“We wanted a place that not only ministered to your soul and heart but also your mind,” said Lundberg, a professor in the communication studies department. “That place was difficult to find, so we decided to roll our own.”
Sethupathy, a genetics professor, said Resurrection Church fills a unique role in the religious community.
“These days it’s increasingly challenging to find a worship community that is really serious and committed to their faith but at the same time is thoughtful and reflective and willing to ask hard questions,” Sethupathy said.
Benfield said the discussion element of the church’s early history has been lost.
“In Scripture there’s this phrase — ‘iron sharpens iron.’ Do we really have that anymore?
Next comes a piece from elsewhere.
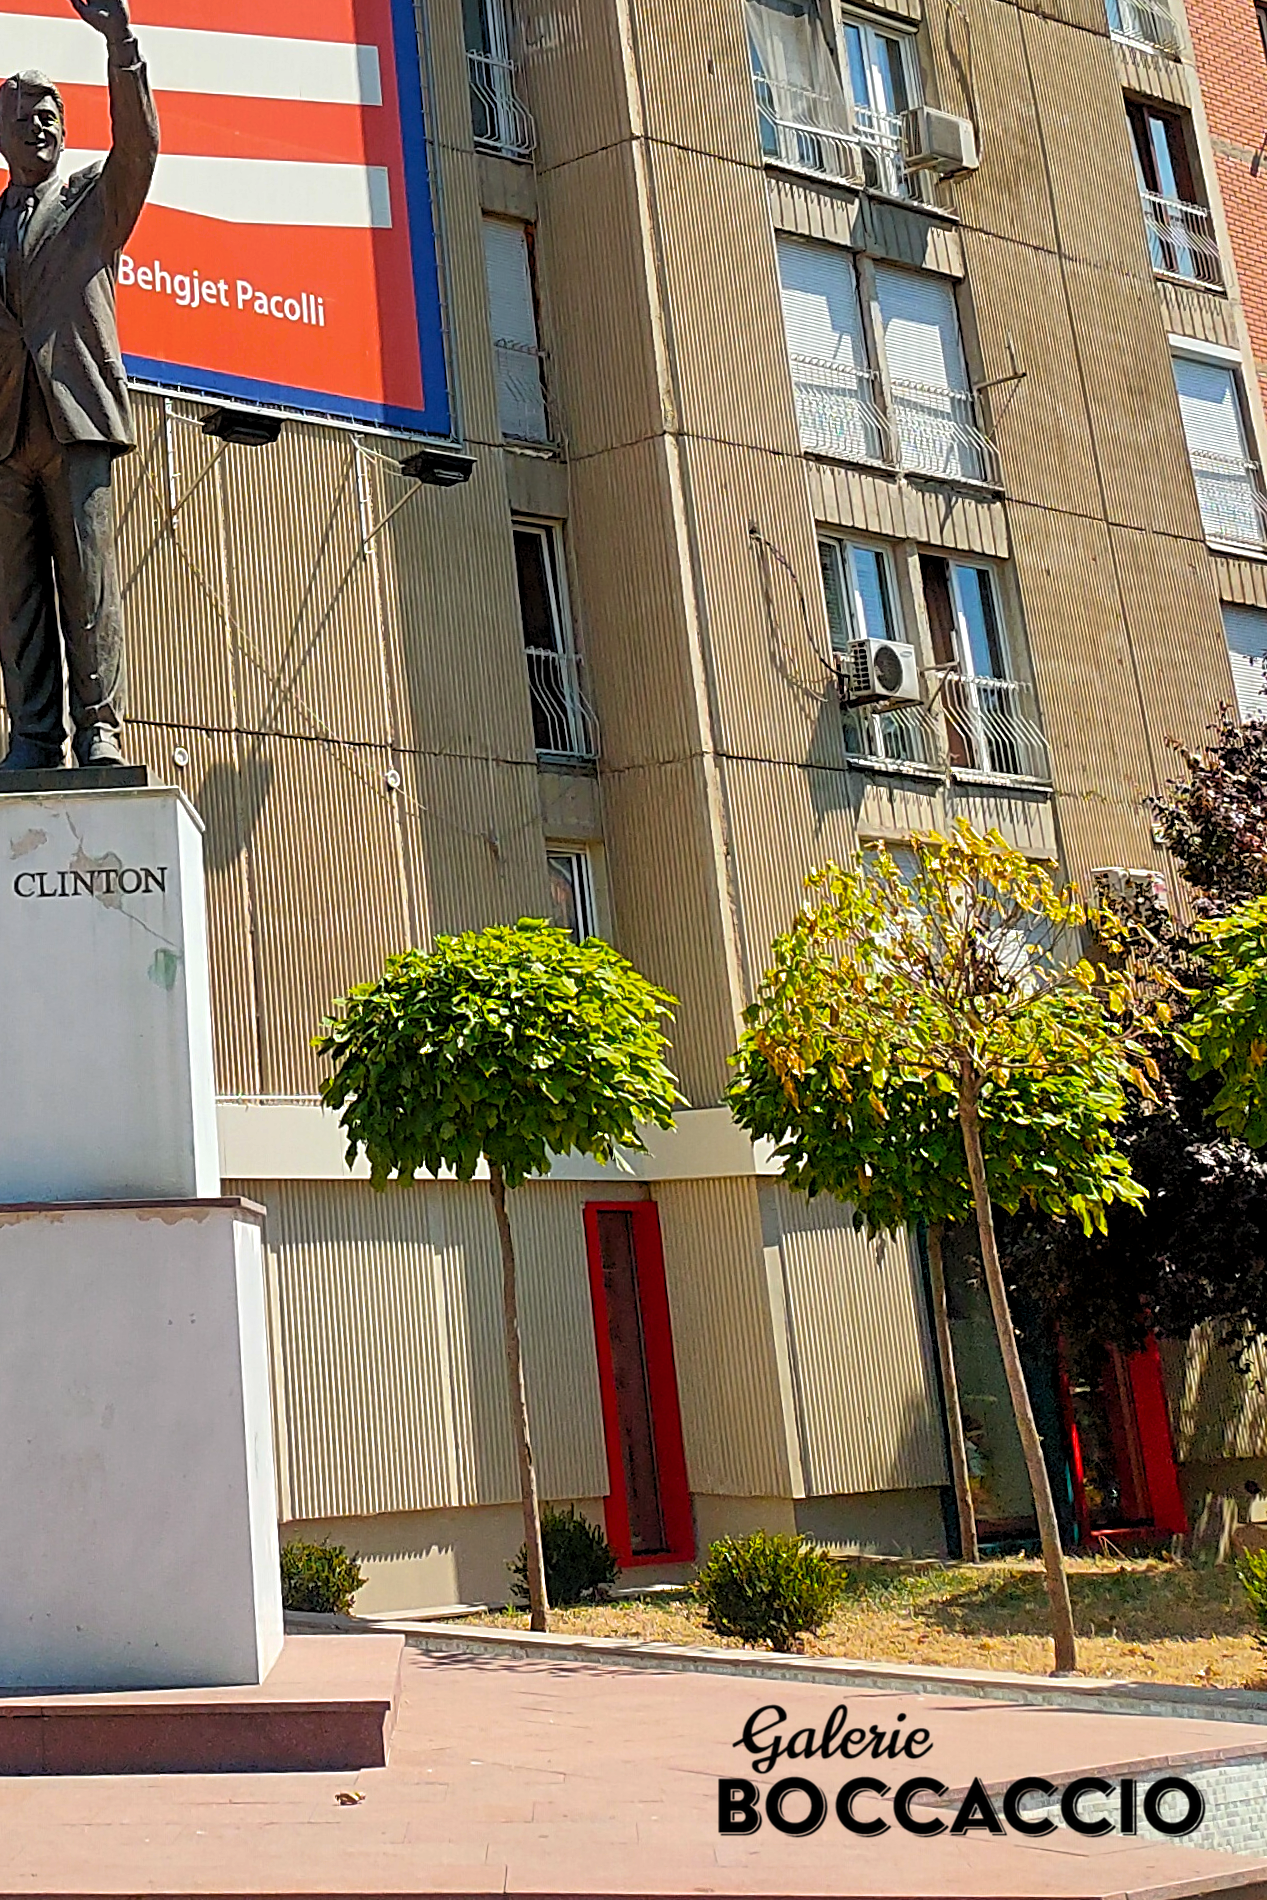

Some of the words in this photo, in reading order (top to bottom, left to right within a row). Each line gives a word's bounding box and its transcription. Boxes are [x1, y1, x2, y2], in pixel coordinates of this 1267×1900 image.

[117, 254, 229, 309] Behgjet
[236, 279, 325, 327] Pacolli
[13, 866, 168, 899] CLINTON
Because iron sharpening iron is loud. It sends sparks. I don’t see that going on in the church. I just see everyone coming in their own little echo chamber,” he said. “We’re trying to be an alternative to that.”
The church works with organizations like City of Joy Rwanda, which provides livestock to families in Rwanda, and Stop Hunger Now, which packages and donates food across the world.
Benfield said they want very little money going to the church itself. No pastor takes a salary.
“If you look at a typical church budget, the money is mostly going to go toward perpetuating the church,” he said. “We’re actually trying to get away from that.”
Lundberg said the church is seeking to expand its 30-member congregation.
“Politically we’re really diverse. We range from Cruz people to hardcore Bernie people and everything in between.”
“The people who have shown up are committed Christians who are kind of misfits at their regular church — wouldn’t quite fit into standard, vanilla, evangelical Christianity.”